The undercoat we did the day before yesterday was good enough to protect the metal from rusting, but the boat does look a bit of a mess in that state. Today promised to be sunny again, and warm enough (for February) that we could paint a top coat. We needed to get to somewhere we could easily turn the boat round though, so we headed for Willington again in the bright sunshine. We arrived at about lunch time, so instead of starting painting, I popped to the shop (other shops are available) for some bread and we had lunch.
We painted the sunny side of the boat and drove to the marina entrance to turn round. I did the turn on electric, and so was able to chat to a gongoozler who was impressed by my graceful spin. I told him I’d been doing it for decades (though not continuously), and that it really helped to have no wind. I was sufficiently pleased with my turn, that I decided to cap it by continuing in to the closed section of canal – in reverse of course. This has the dual benefits of a peaceful mooring, and no need to wind again to get in to the marina tomorrow. It also puts us a few boat lengths in to canal we haven’t travelled before. In stronger winds I wouldn’t have dared try the reverse without the bow thruster. It all went smoothly and we finished off the painting.
That was all the activity originally planned for the day, but while I was in Willington I’d popped in to the station to collect the tickets for our train to Edinburgh on Tuesday. That is when I discovered that Willington doesn’t have a ticket machine! There were a number of ways to resolve that, but none of them appealed to me more than a bike ride. So once we’d put away the painting stuff, we started getting ready to go. I had a few panicked moments when I thought I’d already posted some vital bit of cycling kit to Edinburgh. They were all false alarms – I just needed to look in the rucksack.
In the late afternoon we set off for the station in Derby.
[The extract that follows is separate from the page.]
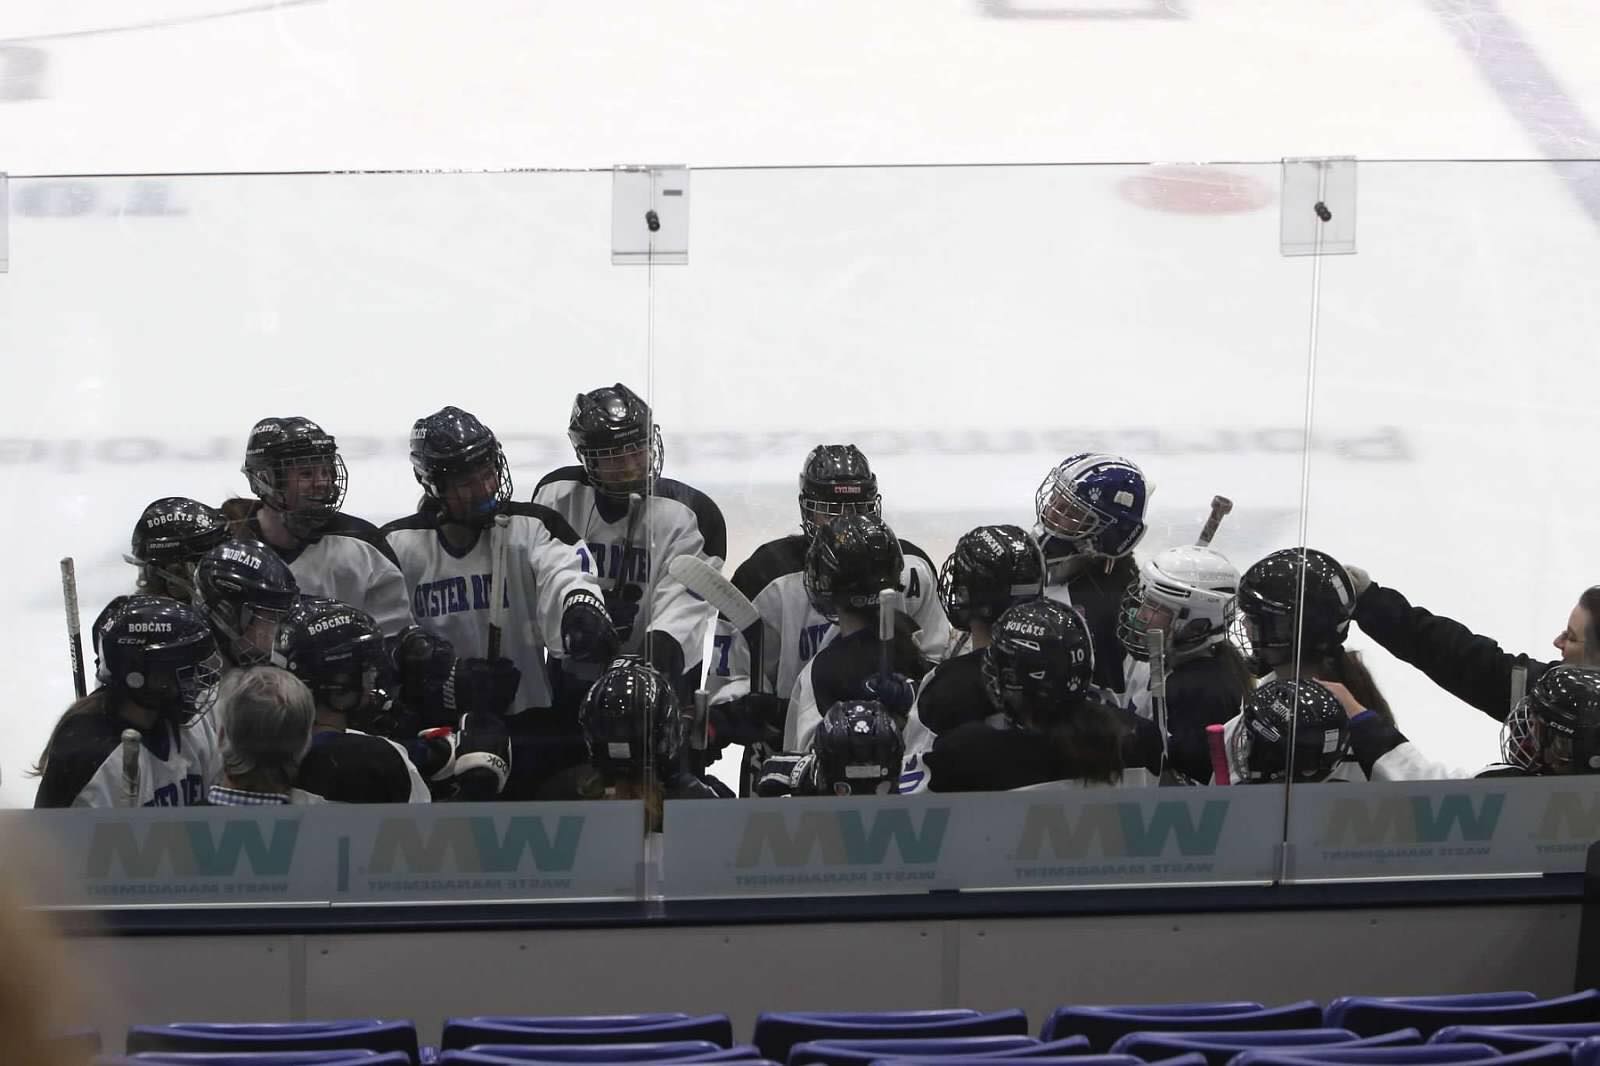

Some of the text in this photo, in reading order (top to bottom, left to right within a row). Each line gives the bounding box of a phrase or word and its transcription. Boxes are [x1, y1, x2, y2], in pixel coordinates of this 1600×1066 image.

I’d found a different route to our previous ride, diverging at the first bridge – less than half a mile away. The station building at Derby has two large crests on it, but otherwise all we saw of Derby this time was housing estates. We did raise a few smiles from a number of residents.
We got back to the boat as the sun was setting. We were within sight of the boat as we caught up with a wee girl cycling ahead of her parents. Rather than negotiate passing them, I stopped to capture the sun behind the trees on the other side of the canal. More than seven months in, we are still being surprised and awed with our canal life most days.